The truth that I am referencing here is that God loves me so much that He has a perfect and brilliant plan already works for my life and (here's the killer bit) all I need do is surrender. Yep. Just surrender to His will. Nothing complicated about it. The reason I found this so shocking is because I thought I already understood surrender. I've sang "I Surrender All" in church just as many times as the next guy, and heard many a sermon on the importance of letting God run your life. I knew all the facts, but for some reason it never sunk in. I had learned the definition of surrender in my head, but failed to apply it in my heart. I know that if I am ever to discover my life calling and true purpose, it will all start with surrender.

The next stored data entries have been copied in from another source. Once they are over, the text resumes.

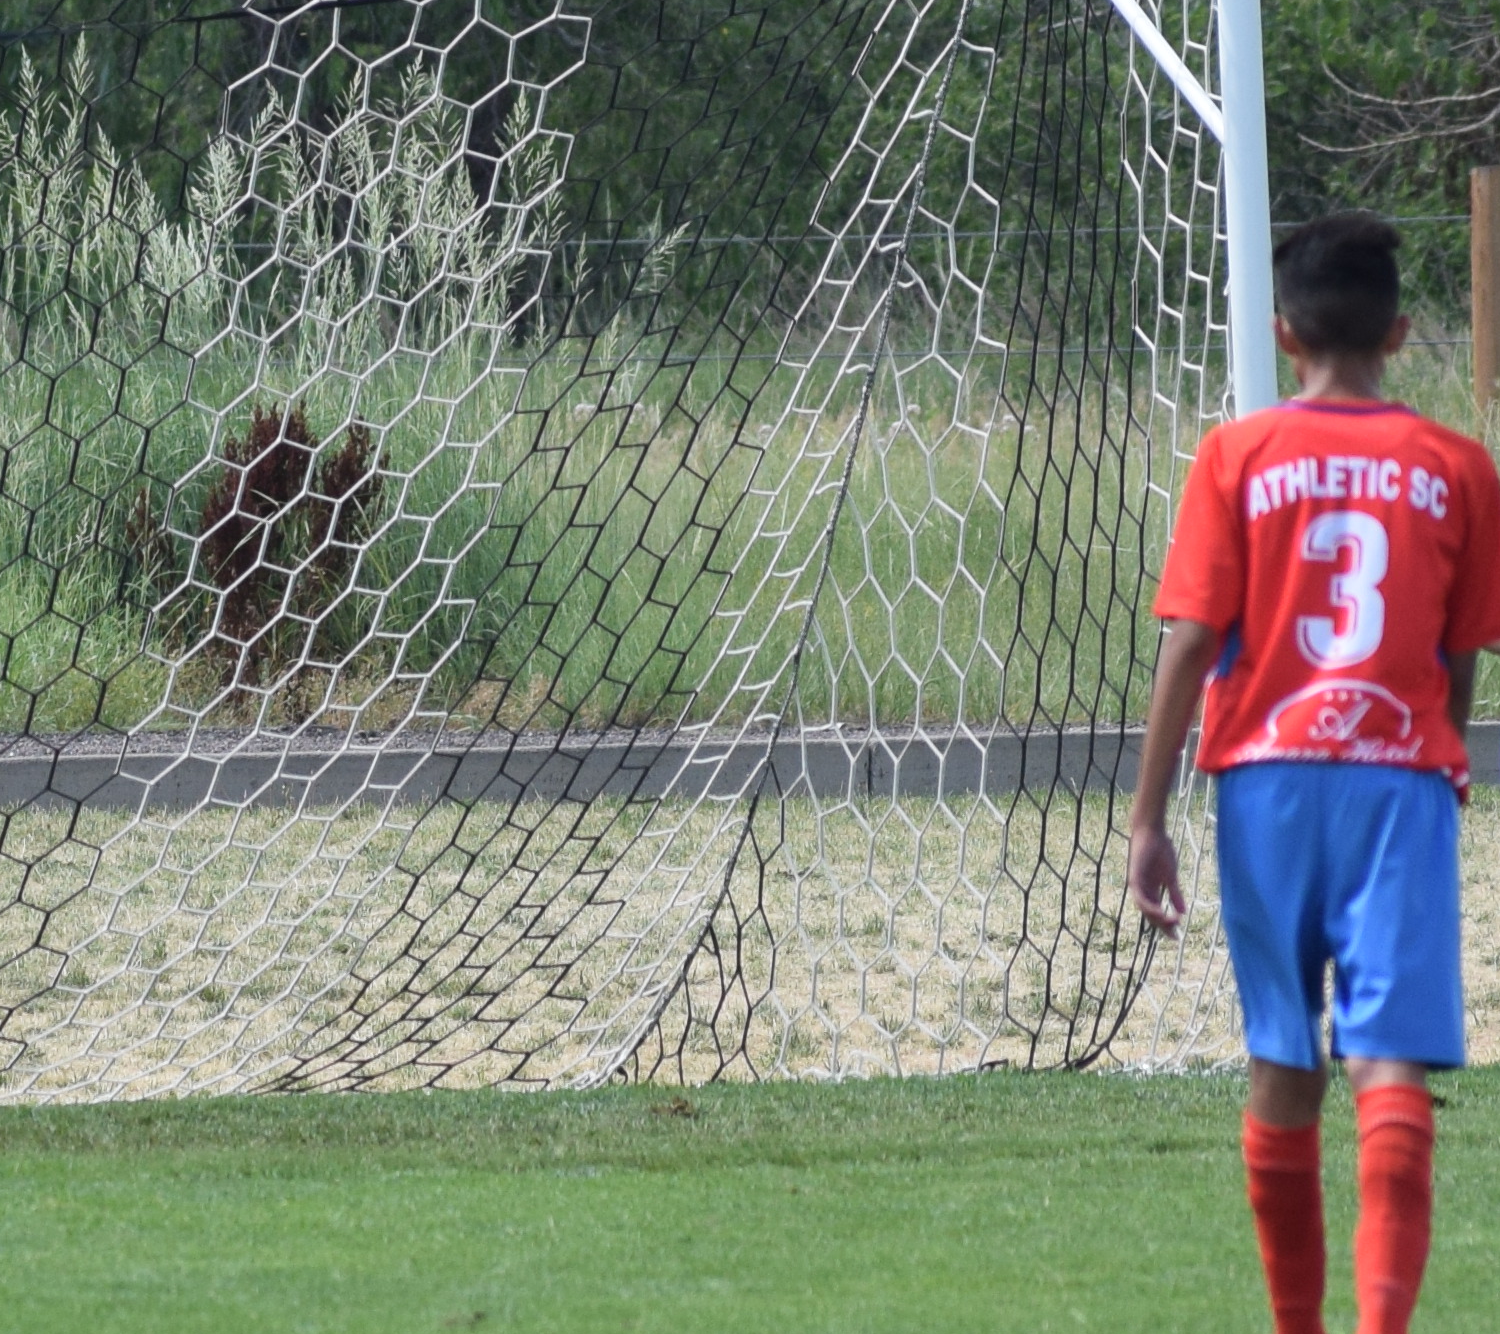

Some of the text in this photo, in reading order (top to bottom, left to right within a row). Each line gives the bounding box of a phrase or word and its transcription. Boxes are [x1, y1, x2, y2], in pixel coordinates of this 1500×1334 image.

[1248, 455, 1449, 520] ATHLETIC SC
[1296, 510, 1390, 670] 3
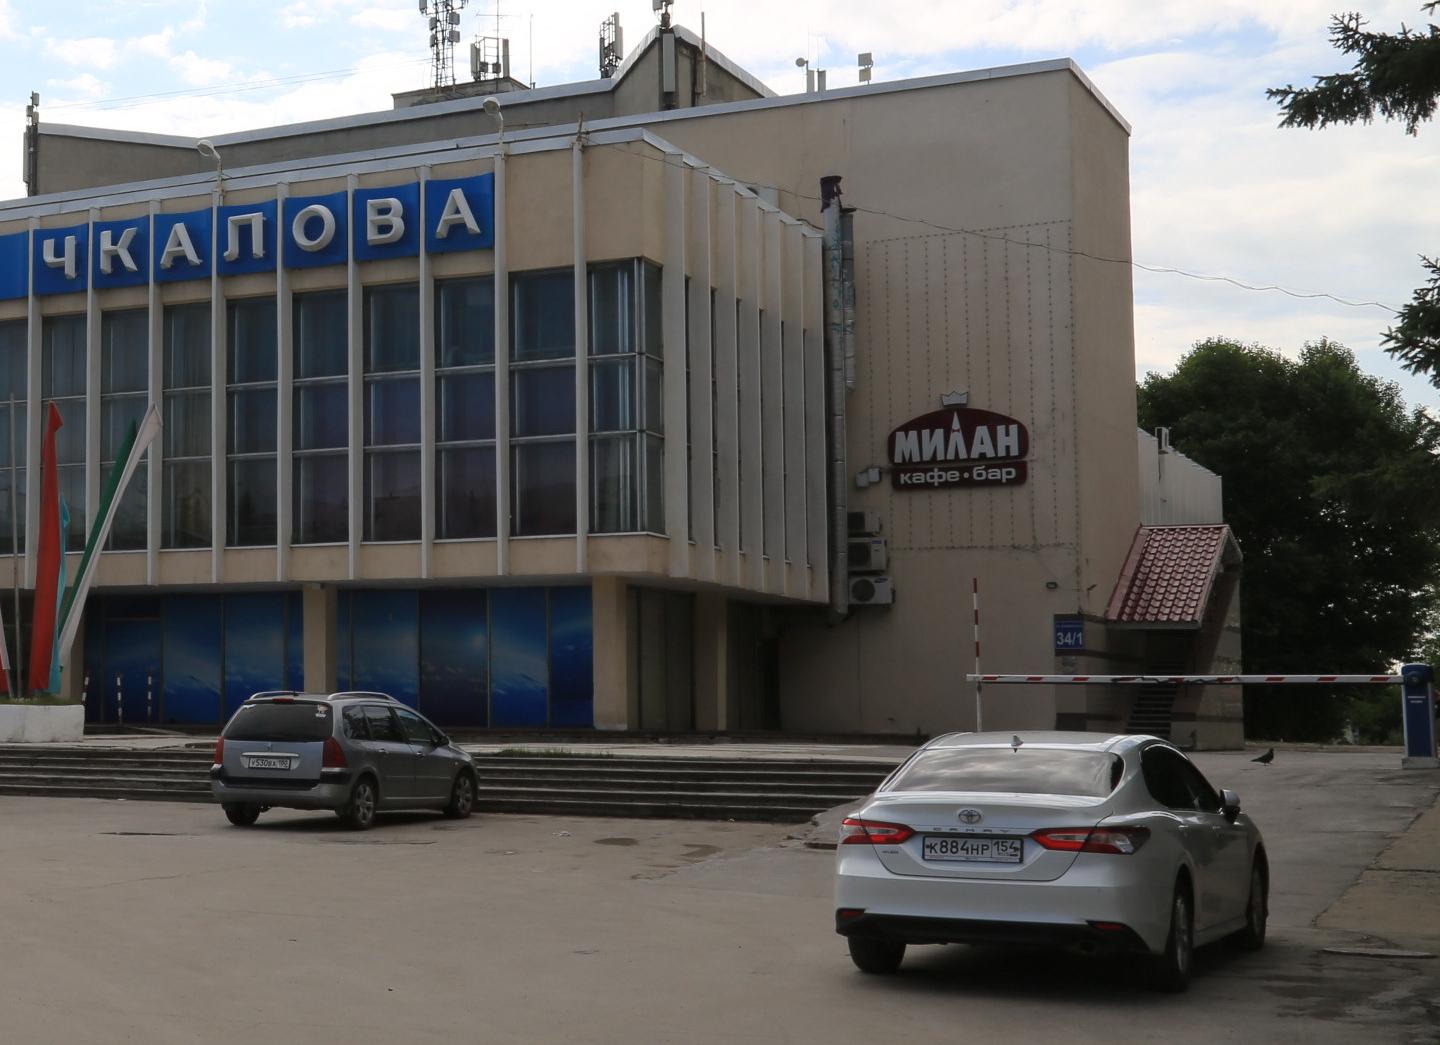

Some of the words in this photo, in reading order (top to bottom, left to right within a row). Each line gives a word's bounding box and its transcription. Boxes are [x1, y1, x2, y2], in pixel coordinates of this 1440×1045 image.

[42, 187, 482, 279] ЧКАЛОВА
[894, 411, 1019, 463] МИЛАН
[900, 467, 960, 487] кафе
[973, 465, 1016, 483] бар
[1056, 631, 1082, 646] 34/1
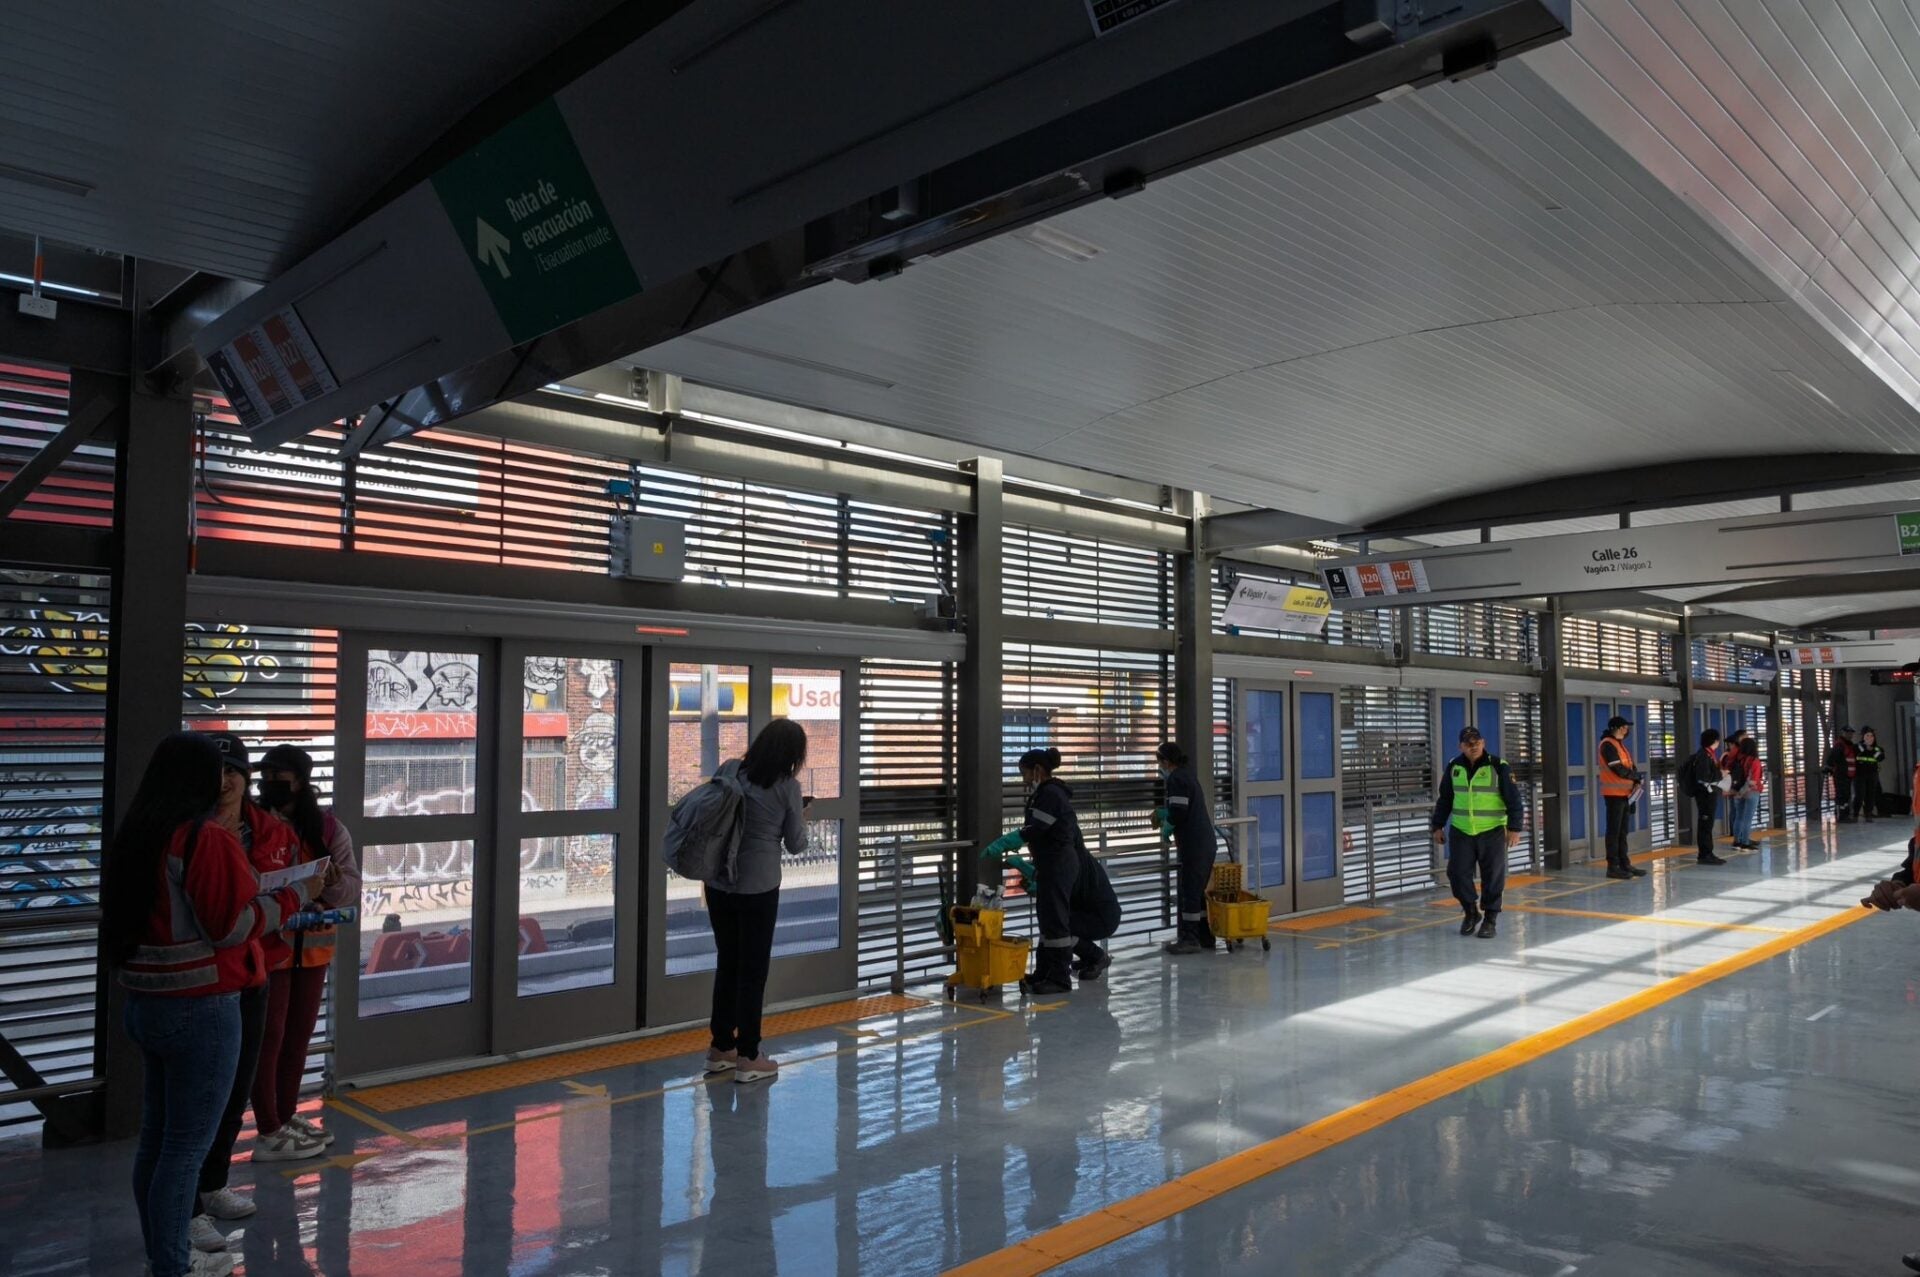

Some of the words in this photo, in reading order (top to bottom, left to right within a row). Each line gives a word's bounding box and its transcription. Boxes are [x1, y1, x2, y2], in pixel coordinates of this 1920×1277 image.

[505, 192, 541, 223] Ruta
[537, 179, 559, 207] de
[522, 197, 594, 250] evacuación
[584, 225, 612, 249] route
[1900, 524, 1920, 537] B2
[1592, 549, 1620, 561] Calle
[1622, 547, 1638, 559] 26
[1393, 570, 1411, 581] H27
[1583, 564, 1609, 576] Vagón
[1610, 564, 1616, 572] 2
[1620, 561, 1646, 573] Wagon
[1646, 561, 1653, 569] 2
[1332, 573, 1340, 584] 8
[1360, 573, 1379, 584] H20

Surrender. Surrender. Surrender.
"I once thought all these things were so very important, but now I consider them worthless because of what Christ has done. Yes, everything else is worthless when compared with the priceless gain of knowing Christ Jesus my Lord. I have discarded everything else, counting it as garbage, so that I may have Christ and become one with Him. I no longer count on my own goodness or ability to obey God's law, but I trust Christ to save me."